The summer of 2016 is set to mark the beginning of one of the biggest transformations in the British energy sector with the commencement of the mass roll-out of smart meters. The programme is currently at its foundation stage with over one million meters installed out of a total of 53 million devices. Customers’ feedback on the roll-out has been overwhelmingly positive with 84% recommending smart meters to others, 79% recognising the changes they have made to their energy consumption following an installation and 75% understanding their bills more comprehensively than they did previously.
This positive progress was visible on recent site visits I undertook to watch meters being installed and commissioned. The first visit was to a smart meter instalation where the meter after being installed was then connected to the central systems and the in-home display (IHD). The customer was thrilled with his new IHD and how visible the consumption was. However, the customer’s sudden realisation of how expensive their kitchen lights were to run was just one of a series of efficiencies which will doubtlessly be recognised across the roll-out.

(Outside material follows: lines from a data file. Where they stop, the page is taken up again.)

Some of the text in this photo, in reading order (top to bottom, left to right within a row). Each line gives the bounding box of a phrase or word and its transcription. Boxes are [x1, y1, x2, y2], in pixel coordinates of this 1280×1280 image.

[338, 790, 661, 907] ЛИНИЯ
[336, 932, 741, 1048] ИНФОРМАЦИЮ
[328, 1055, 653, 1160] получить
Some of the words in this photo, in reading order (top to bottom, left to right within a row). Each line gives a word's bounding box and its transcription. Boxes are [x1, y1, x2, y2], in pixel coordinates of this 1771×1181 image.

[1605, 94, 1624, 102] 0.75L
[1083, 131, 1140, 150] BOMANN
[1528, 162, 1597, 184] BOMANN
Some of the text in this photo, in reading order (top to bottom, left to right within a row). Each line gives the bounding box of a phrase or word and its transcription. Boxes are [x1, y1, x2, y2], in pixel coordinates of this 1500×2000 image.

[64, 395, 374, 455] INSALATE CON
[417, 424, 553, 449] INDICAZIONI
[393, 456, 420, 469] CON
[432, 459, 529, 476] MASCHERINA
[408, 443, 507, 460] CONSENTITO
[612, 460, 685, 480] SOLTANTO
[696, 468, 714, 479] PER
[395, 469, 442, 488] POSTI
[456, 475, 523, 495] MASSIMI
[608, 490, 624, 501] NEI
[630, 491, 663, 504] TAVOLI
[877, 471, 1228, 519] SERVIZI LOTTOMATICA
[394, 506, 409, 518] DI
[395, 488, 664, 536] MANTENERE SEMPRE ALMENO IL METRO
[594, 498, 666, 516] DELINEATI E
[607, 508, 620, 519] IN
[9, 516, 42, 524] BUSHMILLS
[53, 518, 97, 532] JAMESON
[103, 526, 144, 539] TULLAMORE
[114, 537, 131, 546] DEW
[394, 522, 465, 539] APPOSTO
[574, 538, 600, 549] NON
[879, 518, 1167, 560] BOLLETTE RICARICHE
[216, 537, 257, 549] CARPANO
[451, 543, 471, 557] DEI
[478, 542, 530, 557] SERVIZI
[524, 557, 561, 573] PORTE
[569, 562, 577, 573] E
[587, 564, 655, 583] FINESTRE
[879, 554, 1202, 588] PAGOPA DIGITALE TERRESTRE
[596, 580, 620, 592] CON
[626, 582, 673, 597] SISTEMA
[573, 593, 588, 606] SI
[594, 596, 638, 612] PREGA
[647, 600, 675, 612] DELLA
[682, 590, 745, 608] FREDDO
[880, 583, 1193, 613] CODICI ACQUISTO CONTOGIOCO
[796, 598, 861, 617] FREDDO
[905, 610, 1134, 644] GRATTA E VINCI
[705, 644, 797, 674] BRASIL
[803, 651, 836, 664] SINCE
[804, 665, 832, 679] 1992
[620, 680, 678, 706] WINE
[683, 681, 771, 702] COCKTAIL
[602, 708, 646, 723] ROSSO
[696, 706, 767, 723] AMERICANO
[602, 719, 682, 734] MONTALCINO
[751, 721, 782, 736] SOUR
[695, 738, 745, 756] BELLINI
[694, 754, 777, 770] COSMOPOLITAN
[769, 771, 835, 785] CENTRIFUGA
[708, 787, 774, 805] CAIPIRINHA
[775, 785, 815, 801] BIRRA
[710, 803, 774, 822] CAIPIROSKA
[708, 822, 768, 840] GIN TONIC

The second customer experienced a full installation of both electricity and gas meters; a quick and tidy process which also provided an opportunity to reinforce the safety of the meter box. As a prepayment customer the benefits of accurate billing were readily acknowledged as was the potential for smart meters to bring in a whole new range of smart tariffs.
Of particular interest to the work we do at Energy UK was the installers’ concerns over propagation as to-date there has been no solution for the homes where devices are unable to communicate with one another due to property construction. It was to resolve this exact problem that Energy UK has done so much work in the development of Alternative HAN and new communication bandwidths which you can read more about here. My host installer was keen to praise the employment benefits of the smart meter roll-out as it is directly responsible for the recruitment of thousands of new installers – eight of whom he was presently training.
In seeing this alternative perspective to the programme, it’s clear that the purported benefits are already being realised. Costs are being reduced, efficiencies are being effected and energy consumption is increasingly engaged with. Furthermore, jobs are being created and customer satisfaction is going to continue rising even further than it has to-date.